Il coniglio nel cappello

Il coniglio nel cappello

di Domitilla D’Angelo |

Chi ha il coniglio nel cilindro lo tiri fuori. Questo è il momento giusto. Dopo anni di geremiadi, qualcosa si muove. I segnali ci sono: i collezionisti fanno più comunità, anche tramite canali non convenzionali; i giornalisti riflettono su nuove modalità per comunicare in modo fresco e moderno l’oggetto francobollo; i commercianti, affacciati su un mercato che non scoppietta più, studiano strategie per portare i francobolli fuori dai soliti luoghi; gli editori hanno messo a fuoco il reale andamento del mercato.

La diagnosi, per quanto superficiale, per tutti è la stessa: la filatelia italiana, così come è, non è più gioiosamente florida ma, gracile e cagionevole, ha bisogno di un infuso vitaminizzante. Noi lo sappiamo, il francobollo ha un potenziale altissimo: come pochi sa raccontare storie appassionanti, fa divertire e conserva valore. Ma gli altri cosa pensano? L’oggetto che passava per le mani di tutti ­ da sovrani a persone umili – ora è considerato un intrattenimento per bambini (nella migliore delle ipotesi), un passatempo polveroso (nella peggiore). E noi questo non lo vogliamo.

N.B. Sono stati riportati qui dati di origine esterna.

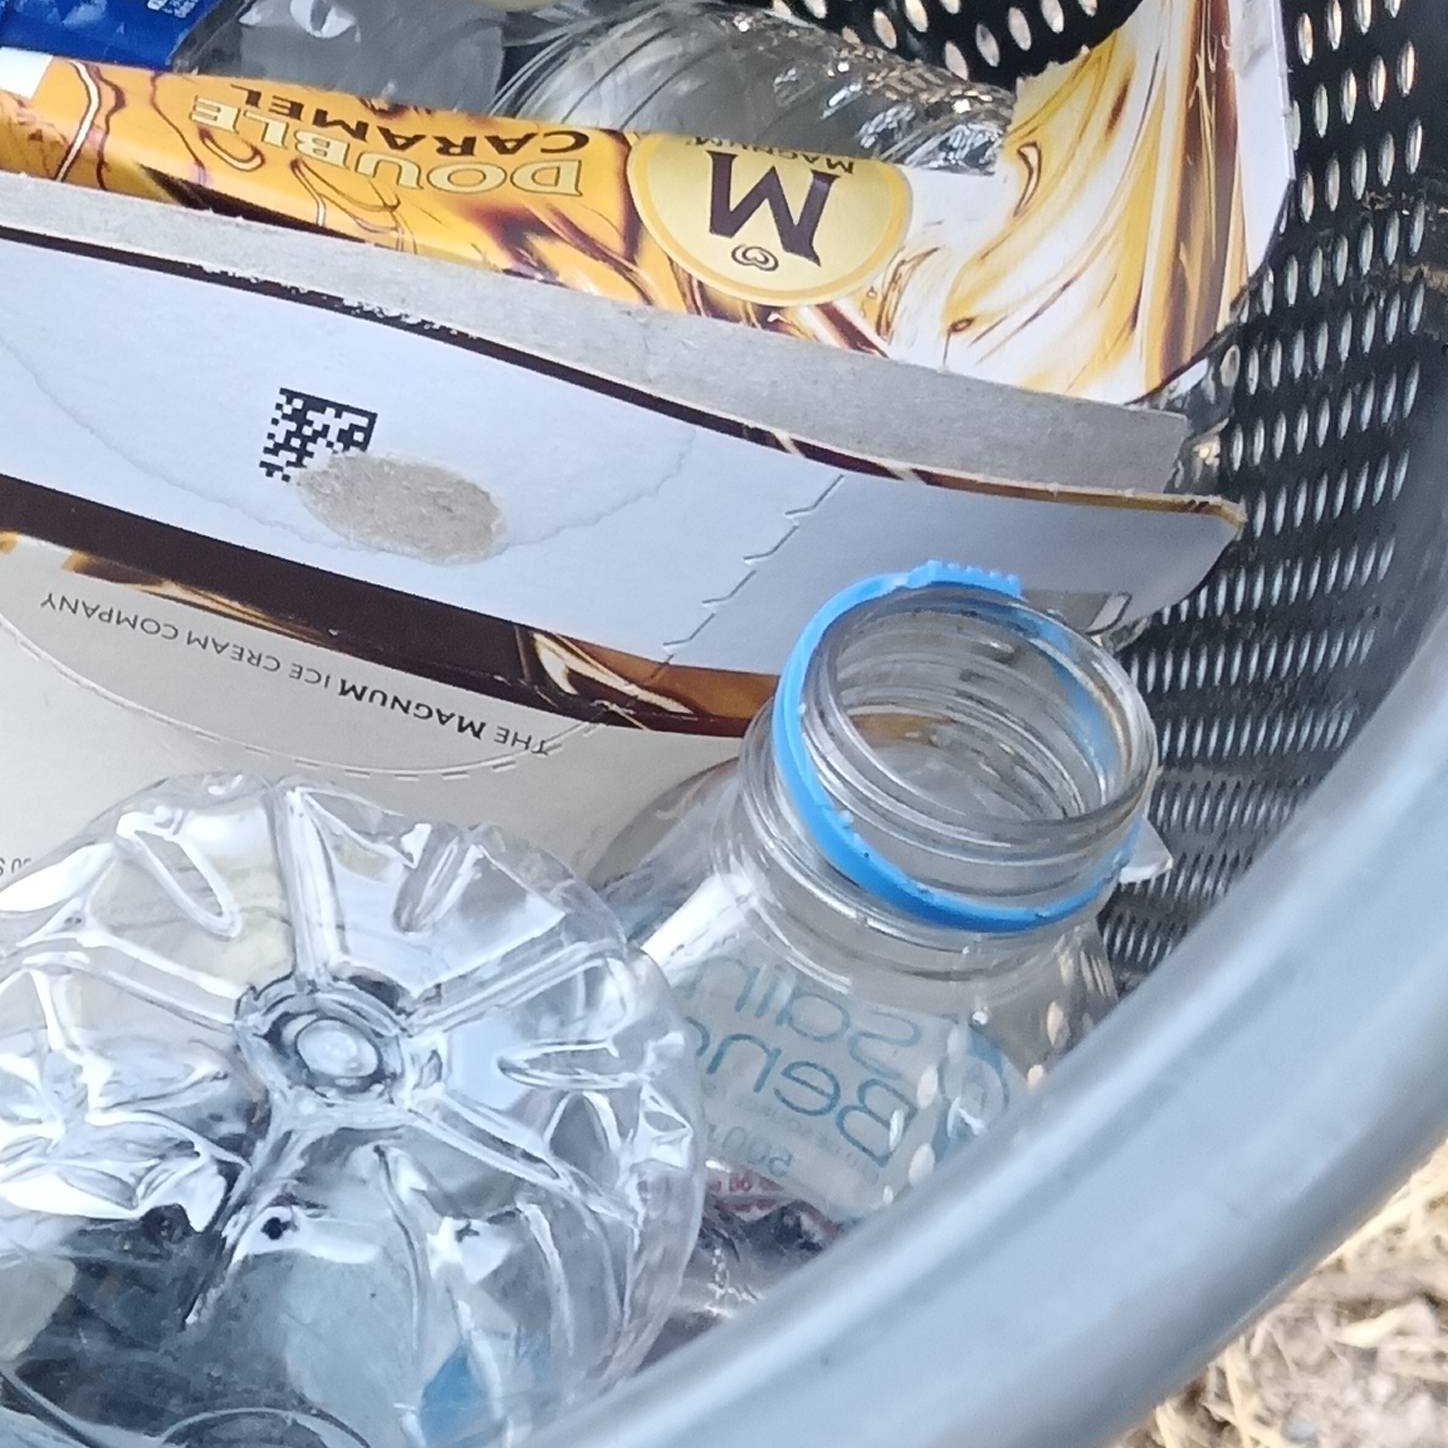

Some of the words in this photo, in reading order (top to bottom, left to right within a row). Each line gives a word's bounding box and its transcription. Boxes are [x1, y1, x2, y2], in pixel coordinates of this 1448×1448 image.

[189, 93, 583, 198] DOUBLE
[230, 82, 590, 157] CARAMEL
[706, 150, 841, 268] M
[40, 590, 180, 643] COMPANY
[185, 629, 283, 671] CREAM
[289, 660, 332, 689] ICE
[338, 679, 488, 740] MAGNUM
[495, 724, 550, 756] THE
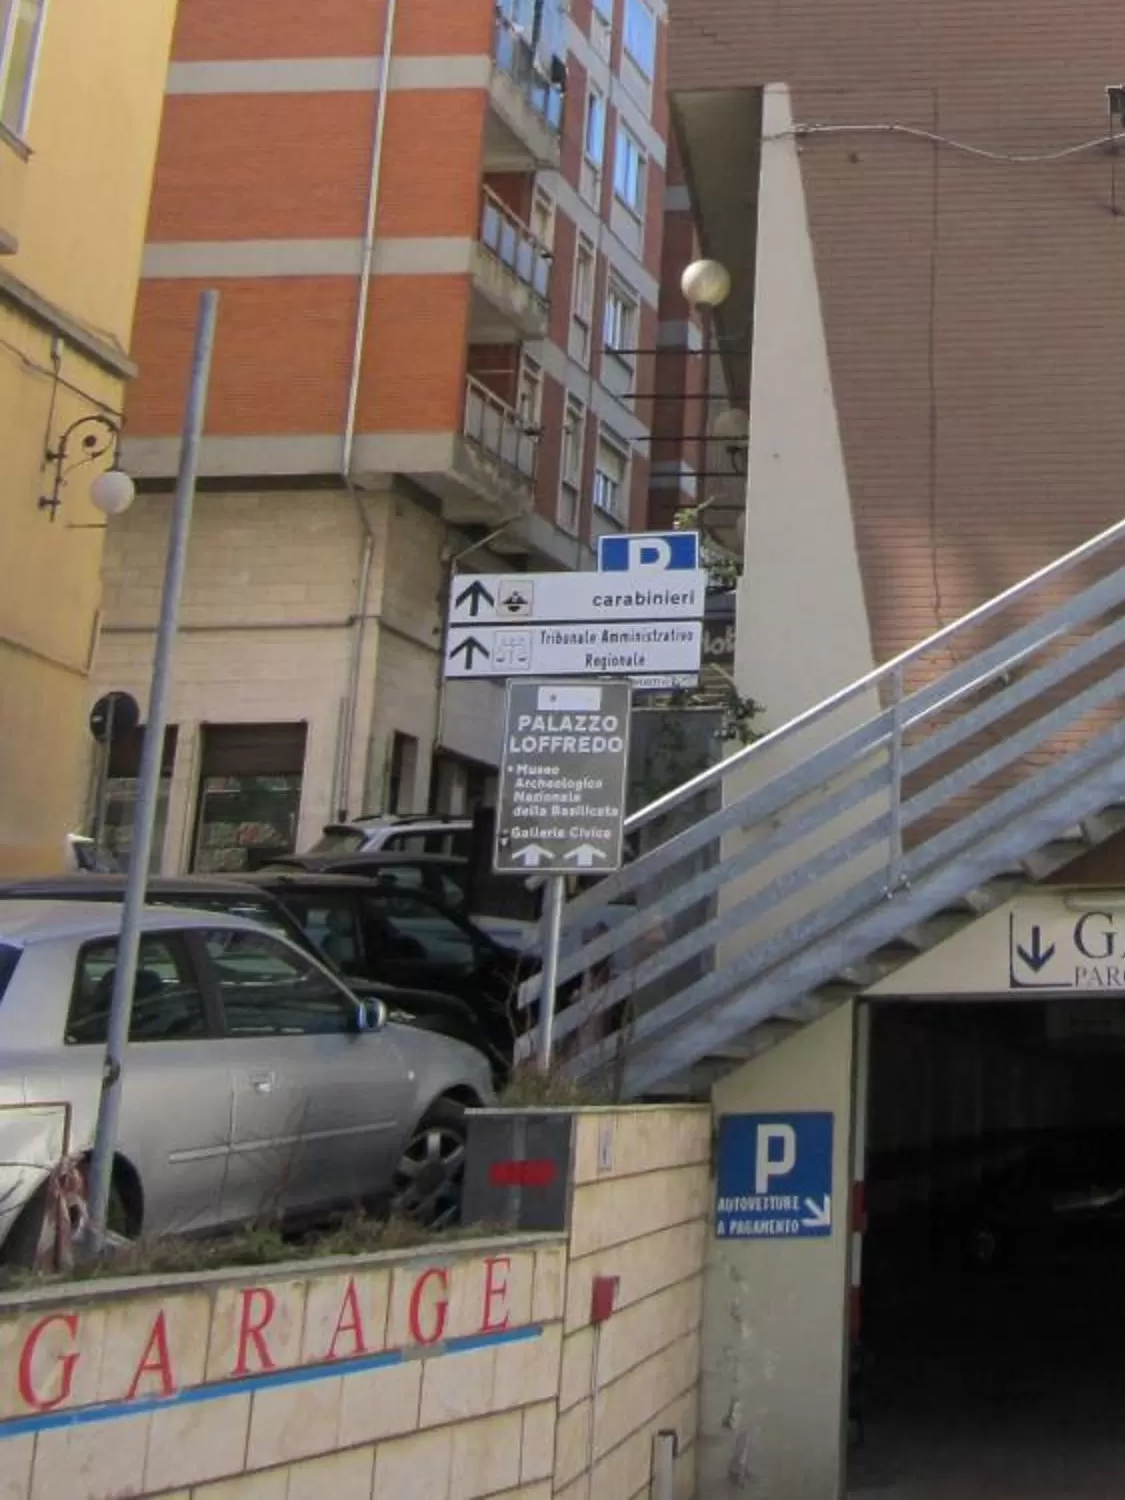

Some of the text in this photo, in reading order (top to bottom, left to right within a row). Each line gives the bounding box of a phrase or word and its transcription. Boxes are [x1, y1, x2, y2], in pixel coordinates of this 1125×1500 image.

[592, 588, 696, 607] carabinieri
[540, 626, 694, 645] Tribunale Amministrativo
[585, 651, 646, 670] Regionale
[517, 714, 619, 733] PALAZZO
[509, 735, 624, 753] LOFFREDO
[516, 764, 560, 776] Museo
[514, 777, 603, 790] Archeologico
[512, 804, 619, 817] della Basilicata
[569, 826, 612, 839] Civica
[755, 1123, 796, 1195] P
[716, 1219, 799, 1236] A PAGAMENTO
[16, 1255, 513, 1412] GARAGE

Il francobollo ha una certa età e ha bisogno di una rispolverata al proprio look per tornare a essere uno status symbol, a piacere, incuriosire, parlare a chi – giovanissimi, giovani e meno giovani – non lo conosce.

Per “riposizionarlo” forse si può trarre ispirazione dall’estero, dove i francobolli sono esteticamente più belli e i soggetti ammiccano. Si sa, l’erba del vicino è sempre più verde… Ma è poi vero? Negli Stati Uniti, per esempio, è caccia aperta al Jenny-non-capovolto emesso l’anno scorso e c’è chi si è spinto a offrire 25mila dollari per un foglietto che di facciale ne costa 12. Una rarità artefatta è davvero una terapia? aiuta il collezionismo o serve solo alle amministrazioni postali a far cassa? E poi, è proprio vero che là le cose vadano bene? che non ci sia un calo di interesse? Pare difficile.

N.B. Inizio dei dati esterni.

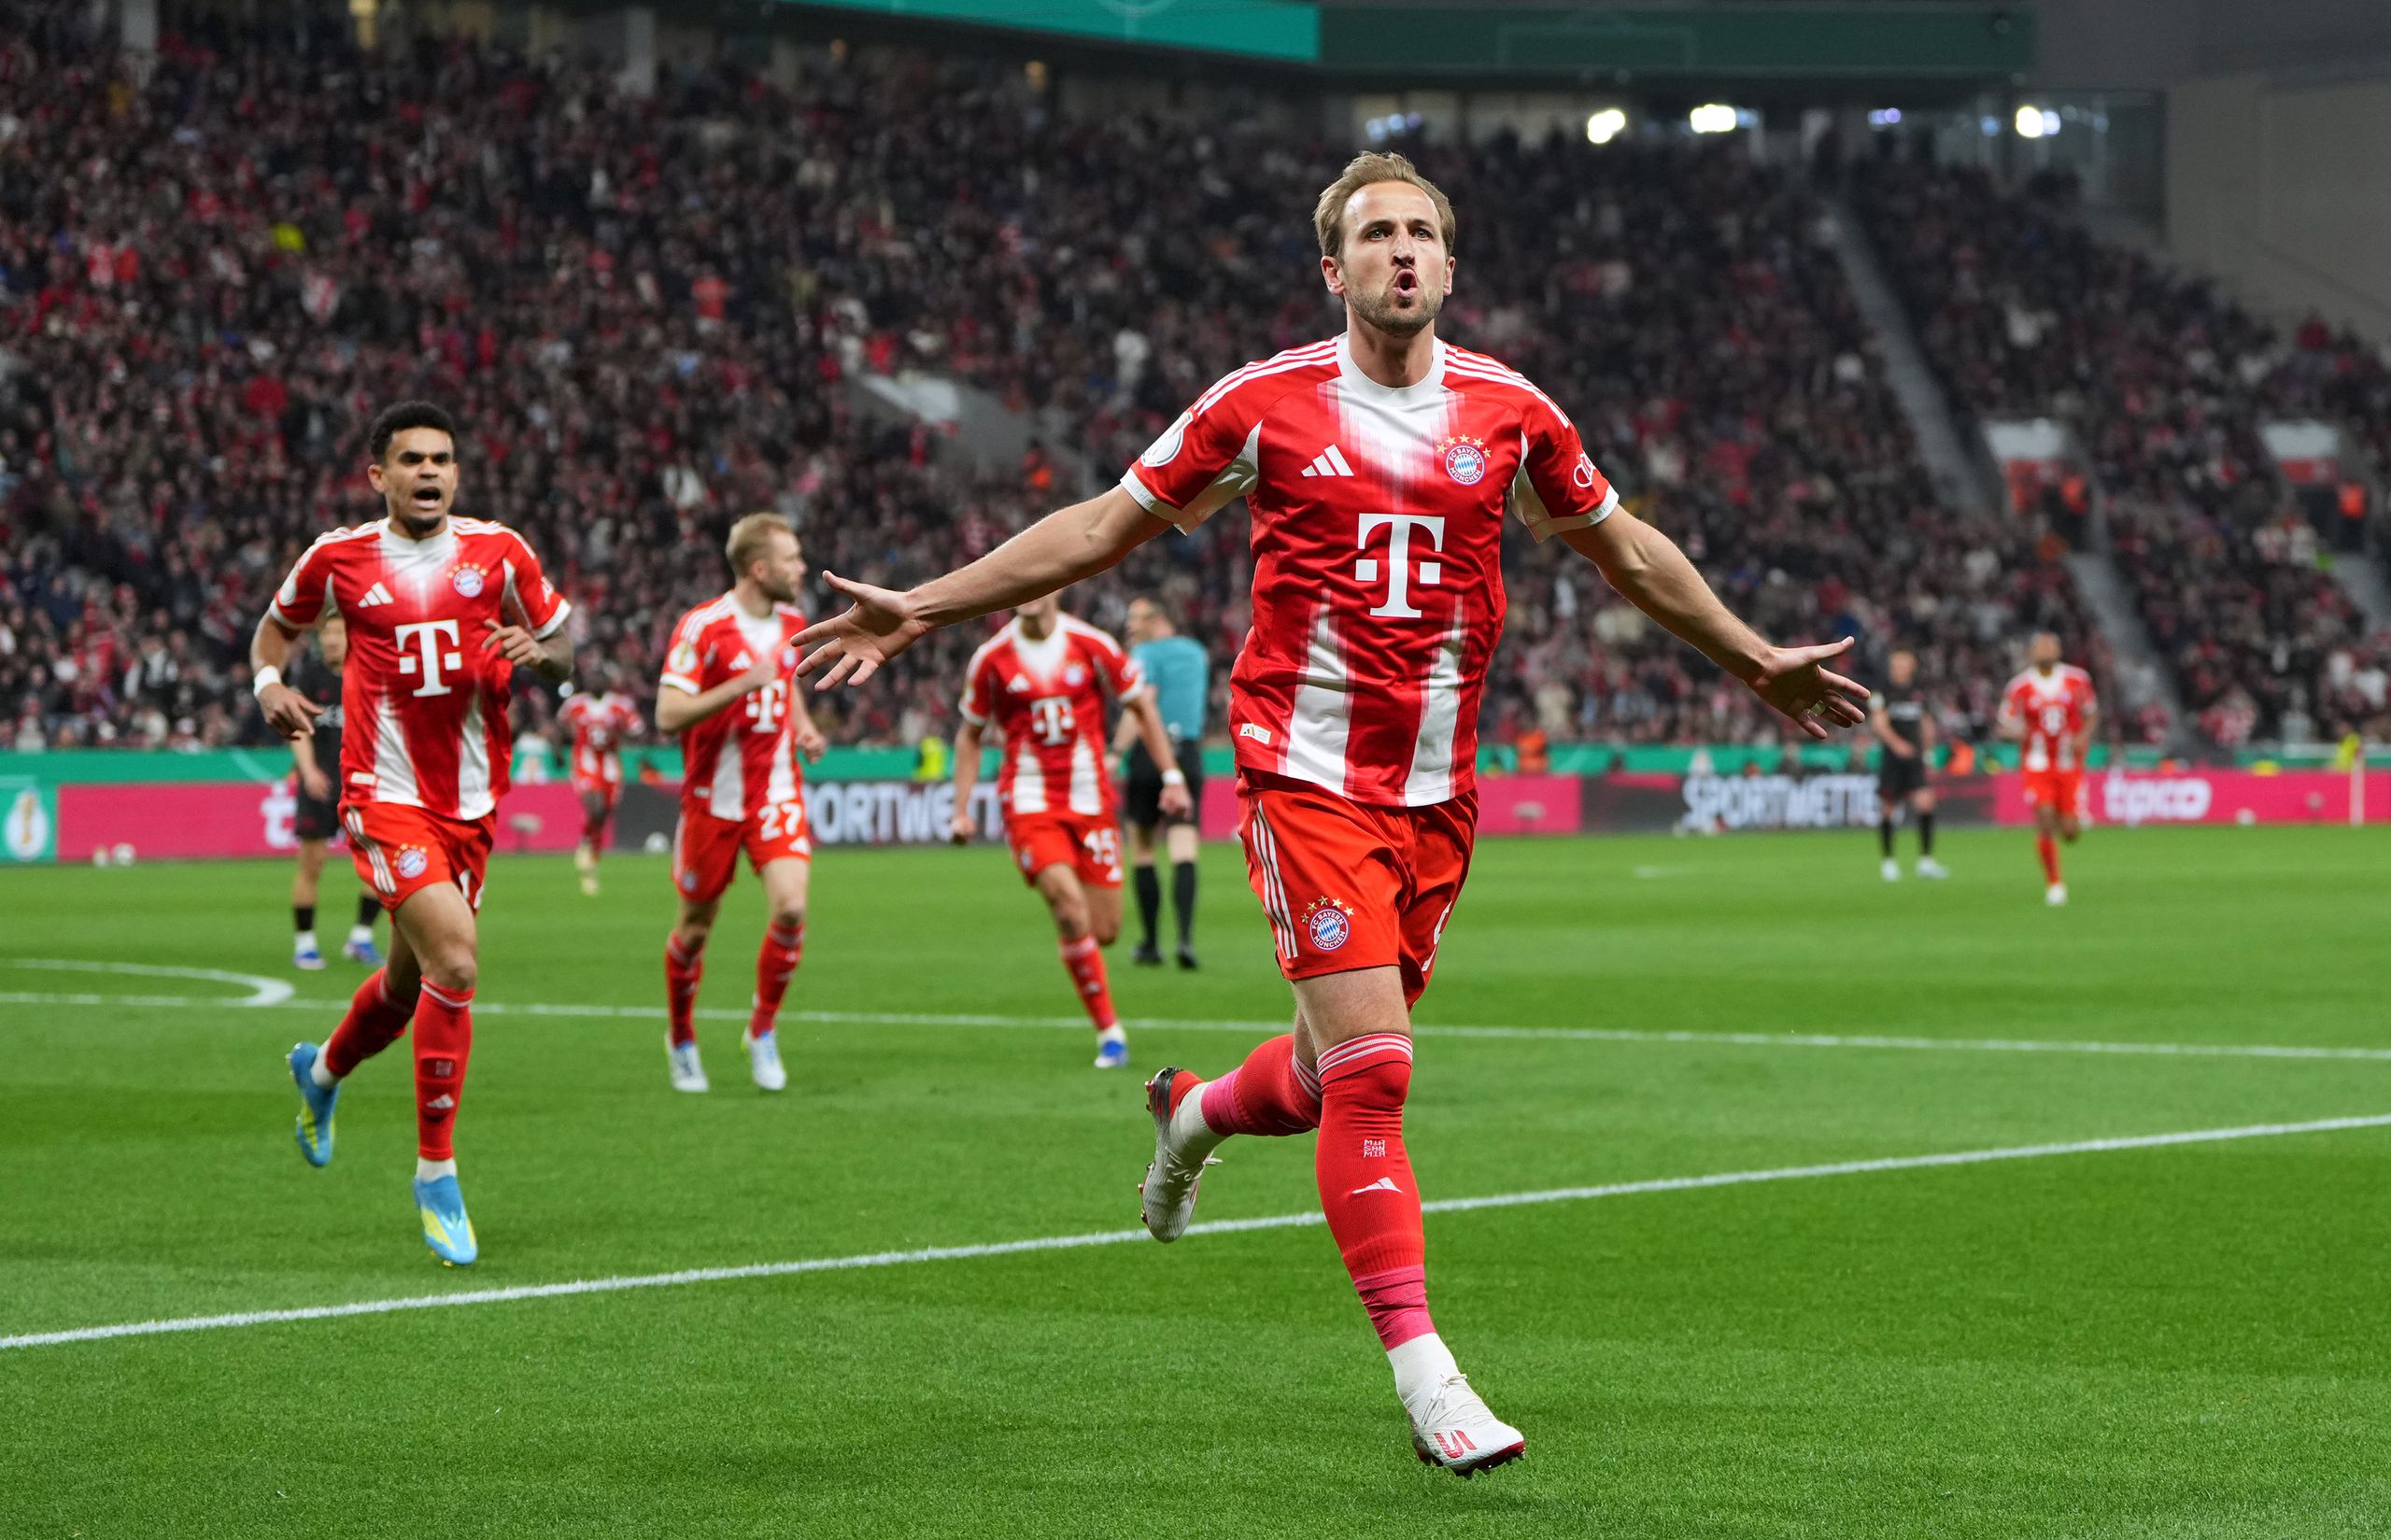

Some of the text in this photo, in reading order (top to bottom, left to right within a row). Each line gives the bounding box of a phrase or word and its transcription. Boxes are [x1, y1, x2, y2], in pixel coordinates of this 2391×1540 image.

[1456, 447, 1481, 464] BAYERN
[1355, 513, 1445, 618] T
[395, 619, 462, 698] T
[758, 802, 803, 841] 27
[1317, 911, 1344, 925] BAYERN

Qualcosa qui da noi comunque si muove, si diceva. Ed è un bene. La convocazione degli stati generali della filatelia, riuniti a Roma il 21 gennaio, suonava un po’ come una chiamata alle armi. E forse è davvero così. Probabilmente – ma lo si scoprirà nei prossimi mesi – non tireranno fuori il coniglio dal cilindro, la formula magica forse davvero non esiste. Ma non è già positivo che le teste pensanti della filatelia organizzata si siano messe attorno a un tavolo per elaborare una strategia comune? Intanto, però, se qualcuno il coniglio nel cilindro ce l’ha davvero, lo tiri fuori.